# [Assignment]
Your reply is to be the lines below, exactly as written, with images omitted.

□ □ □ □ □

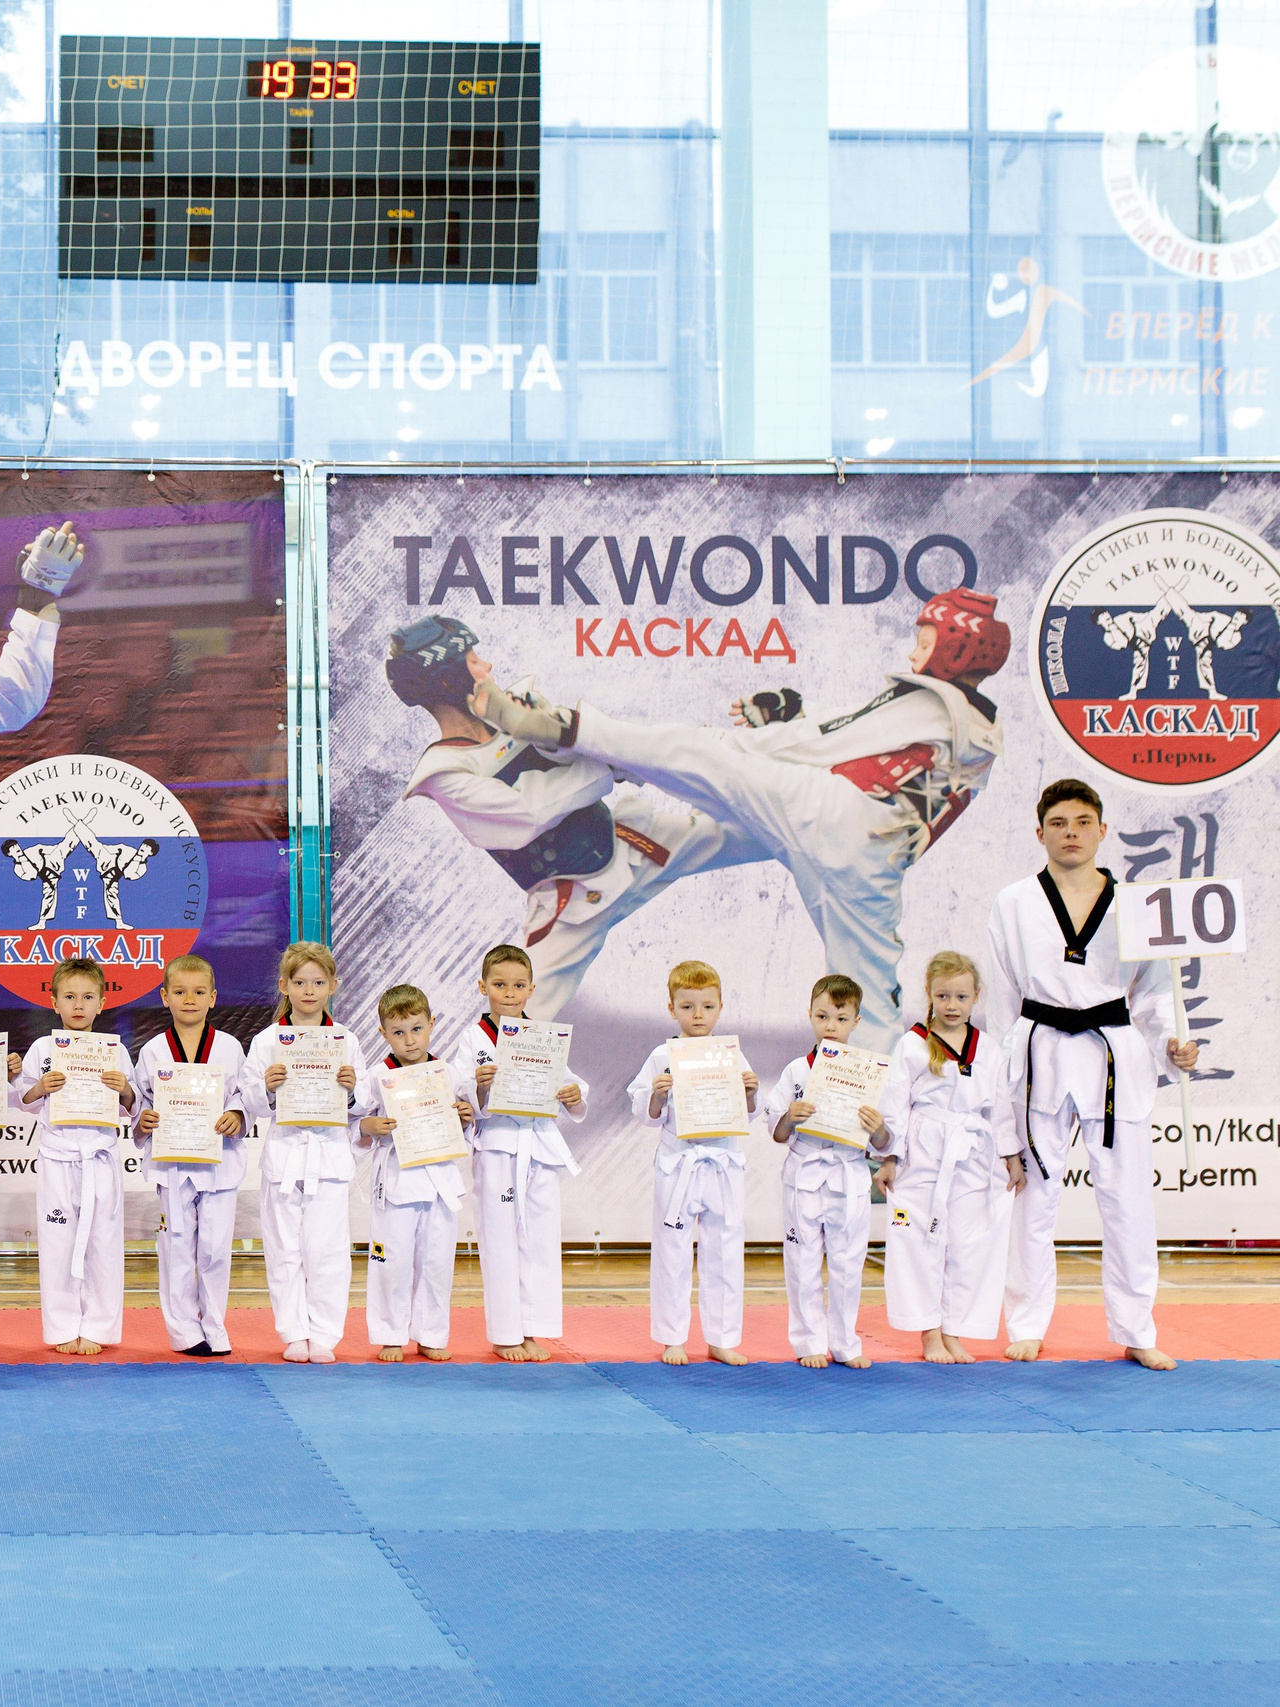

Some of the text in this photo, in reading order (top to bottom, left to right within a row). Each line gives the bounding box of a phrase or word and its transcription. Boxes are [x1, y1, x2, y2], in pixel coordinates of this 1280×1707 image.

[458, 81, 496, 96] СЧЕТ
[56, 340, 562, 397] ДВОРЕЦ СПОРТА
[1082, 368, 1270, 396] ПЕРМСКИЕ
[393, 533, 979, 606] TAEKWONDO
[1106, 557, 1239, 594] TAEKWONDO
[1046, 528, 1266, 696] ШКОЛА ПЛАСТИКИ И БОЕВЫХ
[575, 617, 796, 664] КАСКАД
[1083, 704, 1260, 741] КАСКАД
[1132, 750, 1217, 768] г.Пермь
[16, 790, 147, 827] TAEKWONDO
[70, 762, 82, 776] И
[93, 762, 170, 812] БОЕВЫХ
[169, 815, 202, 922] ИСКУССТВ
[1145, 883, 1238, 947] 10
[66, 1065, 105, 1074] СЕРТИФИКАТ
[511, 1055, 552, 1065] СЕРТИФИКАТ
[825, 1076, 866, 1090] СЕРТИФИКАТ
[501, 1194, 513, 1203] Dae
[46, 1214, 67, 1225] Daedo

□ □ □ □ □

# [Output for this task]
Some of the text in this photo, in reading order (top to bottom, left to right within a row). Each line gives the bounding box of a phrase or word and its transcription. Boxes are [x1, y1, x2, y2], in pixel coordinates of this 1280×1707 image.

[458, 81, 496, 96] СЧЕТ
[56, 340, 562, 397] ДВОРЕЦ СПОРТА
[1082, 368, 1270, 396] ПЕРМСКИЕ
[393, 533, 979, 606] TAEKWONDO
[1106, 557, 1239, 594] TAEKWONDO
[1046, 528, 1266, 696] ШКОЛА ПЛАСТИКИ И БОЕВЫХ
[575, 617, 796, 664] КАСКАД
[1083, 704, 1260, 741] КАСКАД
[1132, 750, 1217, 768] г.Пермь
[16, 790, 147, 827] TAEKWONDO
[70, 762, 82, 776] И
[93, 762, 170, 812] БОЕВЫХ
[169, 815, 202, 922] ИСКУССТВ
[1145, 883, 1238, 947] 10
[66, 1065, 105, 1074] СЕРТИФИКАТ
[511, 1055, 552, 1065] СЕРТИФИКАТ
[825, 1076, 866, 1090] СЕРТИФИКАТ
[501, 1194, 513, 1203] Dae
[46, 1214, 67, 1225] Daedo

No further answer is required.